This dryer has separate motors for blower and drum

The pc-board reads the drum motor current draw. As soon as laundry starts tangling up into a ball, the motor suddenly draws more current, cause the wrapped up laundry is heavier to tumble. This current peak acts as signal for the reversion step.

The very same logic is used by the washer to detect the load size, so to match the right wash profile.

The pc-board matches motor current draws with load adsorbement data coming from the flow-meter,
then states wash step time , wash tumbling pattern, rinse tumbing pattern, number of rinses and water level used during rinses

My 11 y.o. novotronic works this way .... i'm pretty sure latest mieles also have the same logic at least :)
 
Gas and electric dryers from Miele have different reversing algorithms. The electric ones reverse more often. It's all described in the service manual.

Alex
 
could you clarify, please?

Favorit said "Both miele toploaders and american W48XX are niche products = each machine is charged with a higher depreciation rate of the production line."
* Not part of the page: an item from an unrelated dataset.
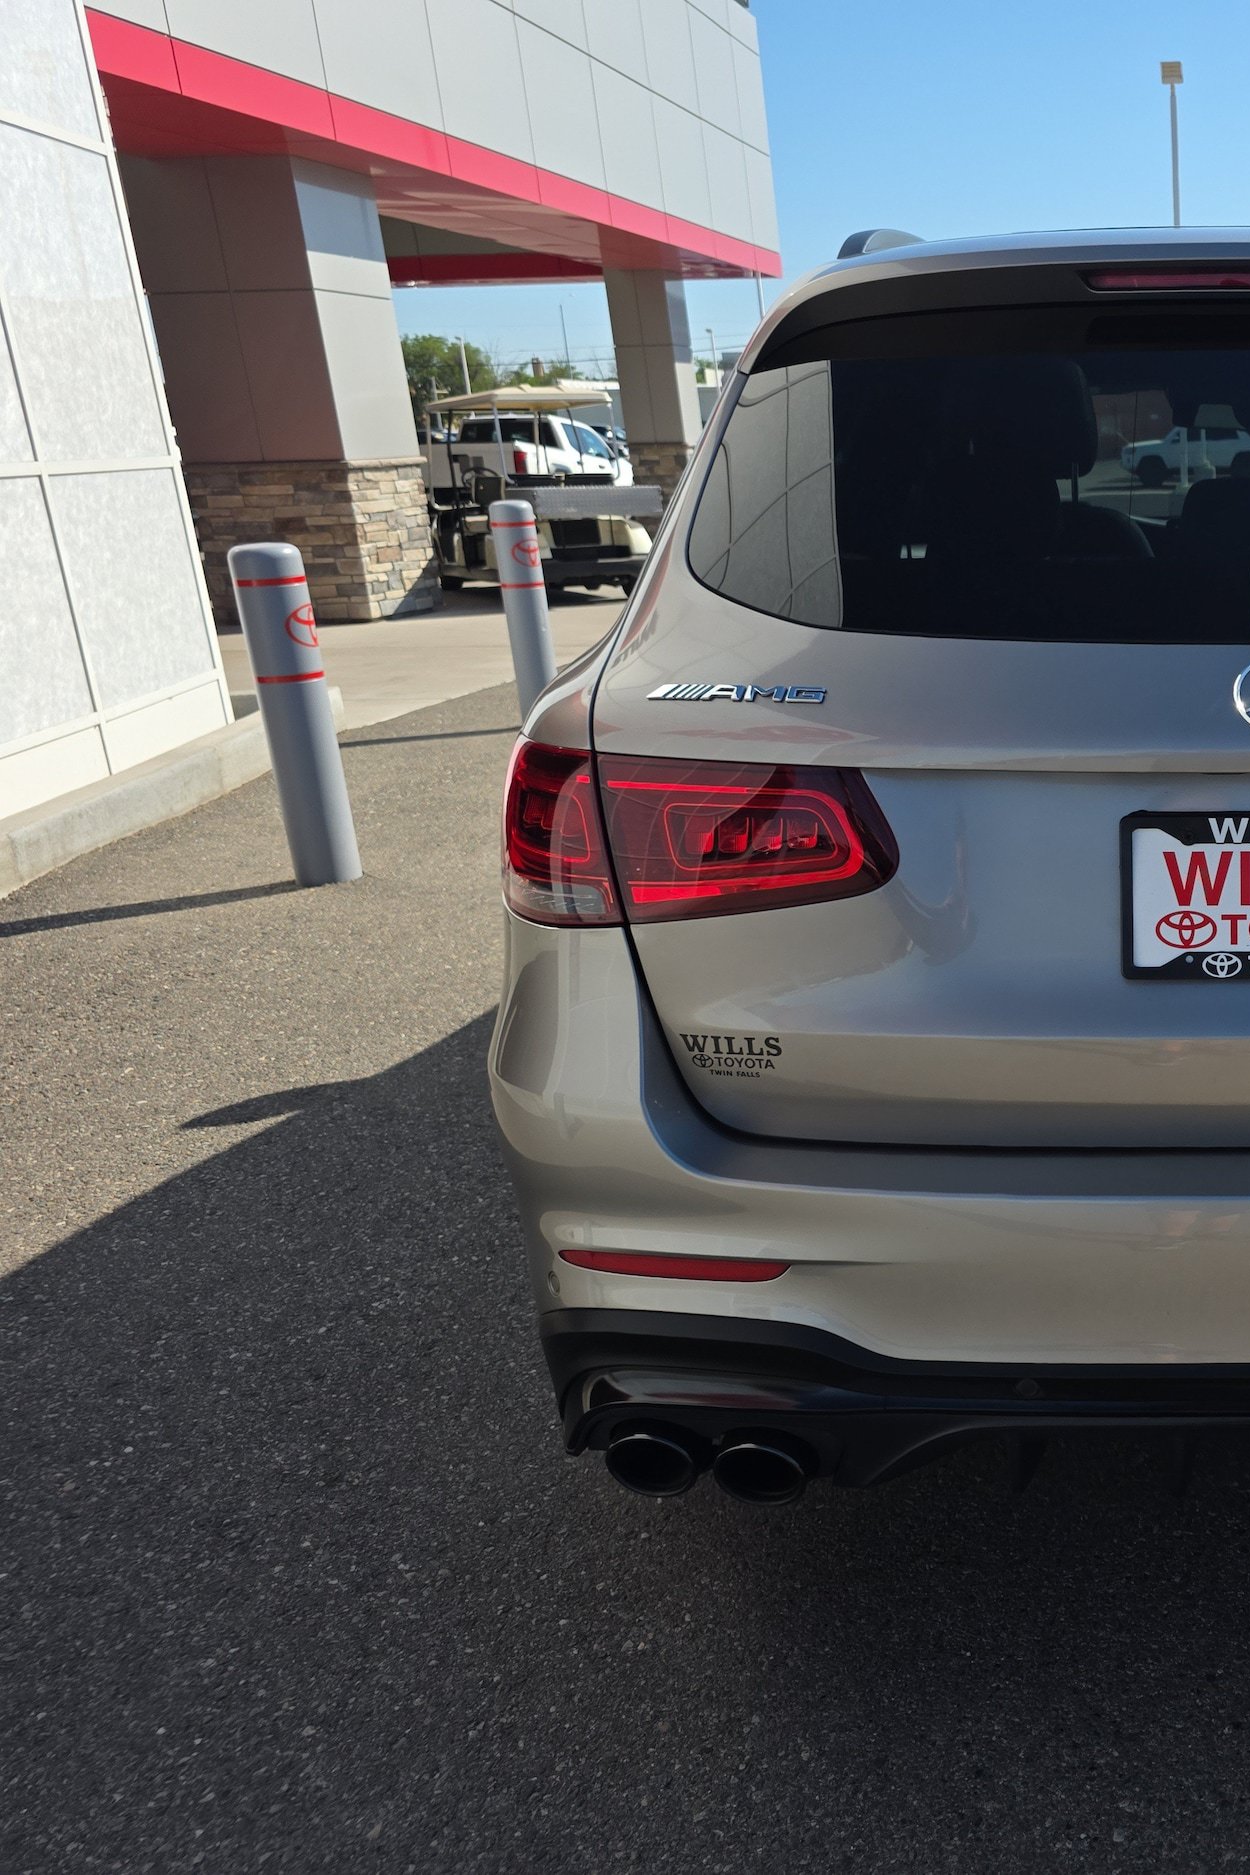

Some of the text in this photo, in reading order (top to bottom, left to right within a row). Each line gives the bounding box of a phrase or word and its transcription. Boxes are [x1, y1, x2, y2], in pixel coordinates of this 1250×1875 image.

I'm sorry but I don't understand what this means... can you explain?

Thanks!
 
Have anyone here try the Swedish mode with their W48XX yet?
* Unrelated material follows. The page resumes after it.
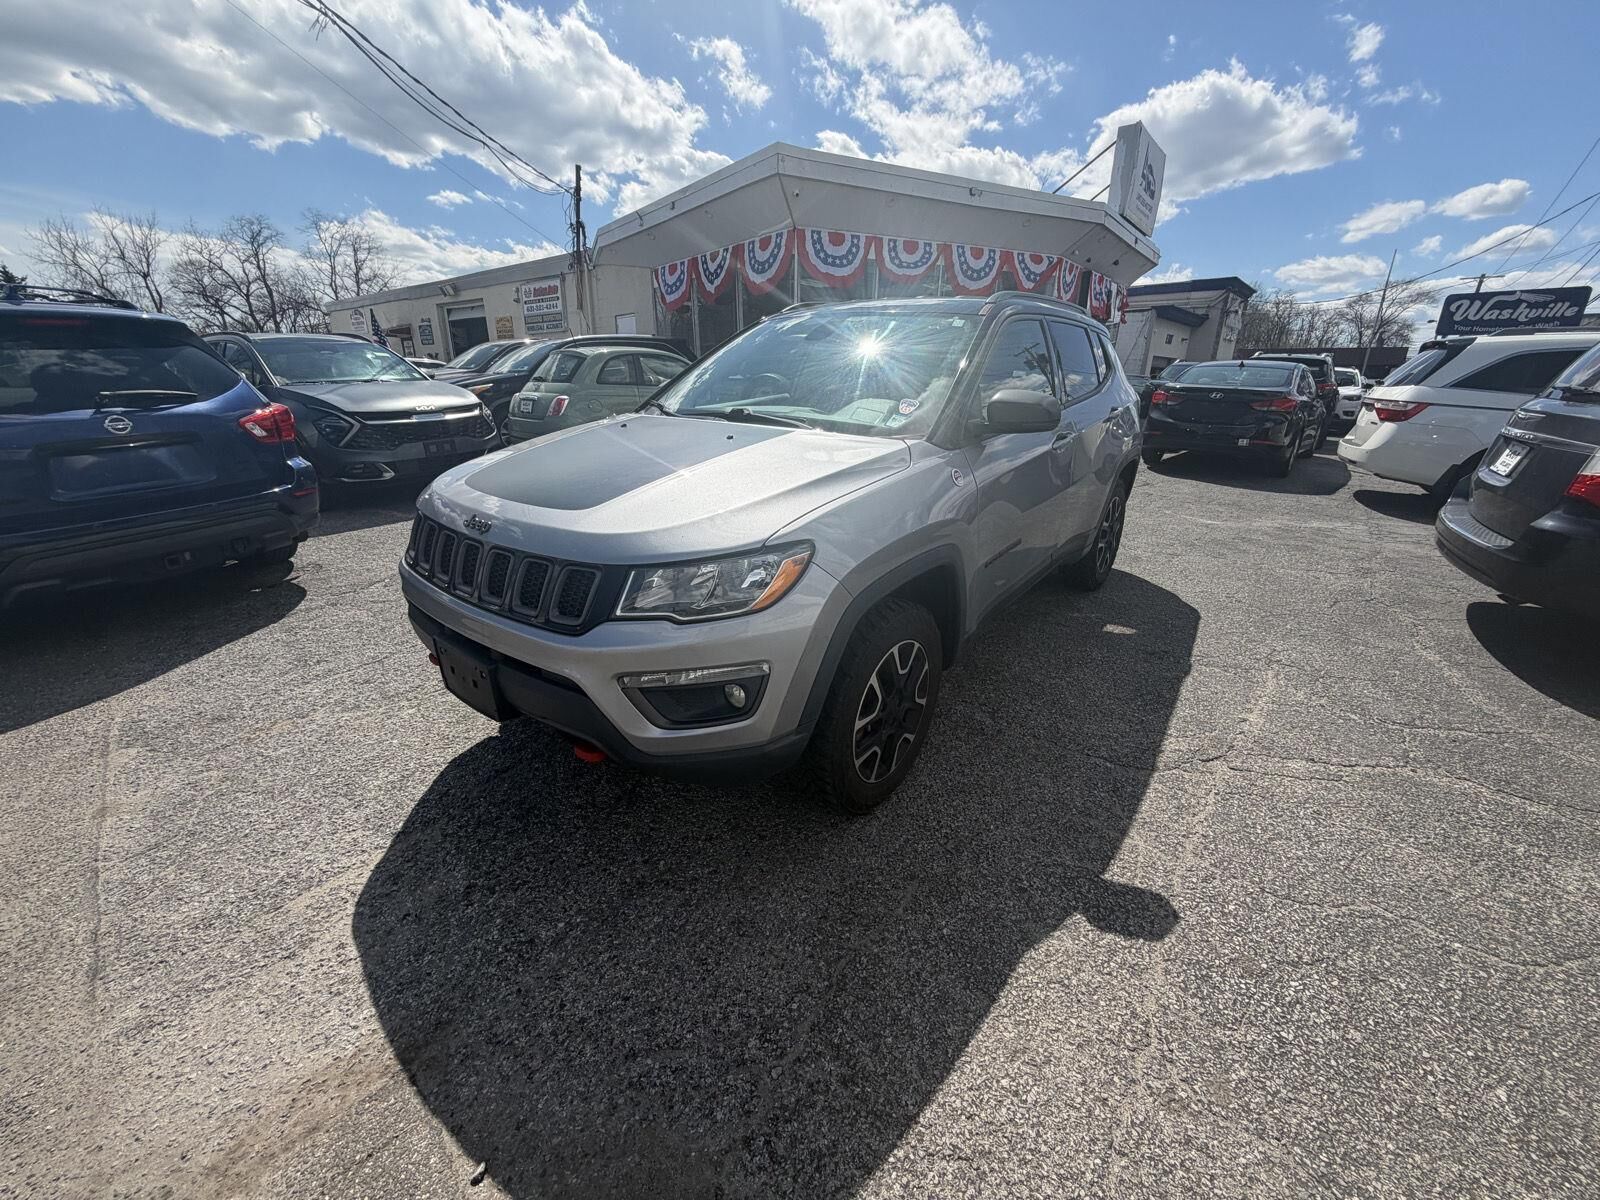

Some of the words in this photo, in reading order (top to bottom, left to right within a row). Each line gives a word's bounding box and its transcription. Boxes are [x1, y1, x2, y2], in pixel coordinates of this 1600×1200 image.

[1450, 291, 1579, 322] Washville
[1453, 324, 1471, 332] Your
[463, 514, 492, 535] Jeep
Soft water made more effective wash? less wash time? more rinse time / water level?
 
sorry for my bad english

This is not my field (accounting) however i'll try :)

Suppose you own a whatever manufacturing firm and you are about to buy new machinery for your production lines.

Before buying new machinery you have to make some decisions wheter is worth manufacturing a product in-house rather than outsourcing it from a contractor.

One of these decisions involve the number of years you are supposed to produce with that machinery and the number of items you are supposed to produce per year.

So you will spread the cost of the machinery along its whole extimated lifespan.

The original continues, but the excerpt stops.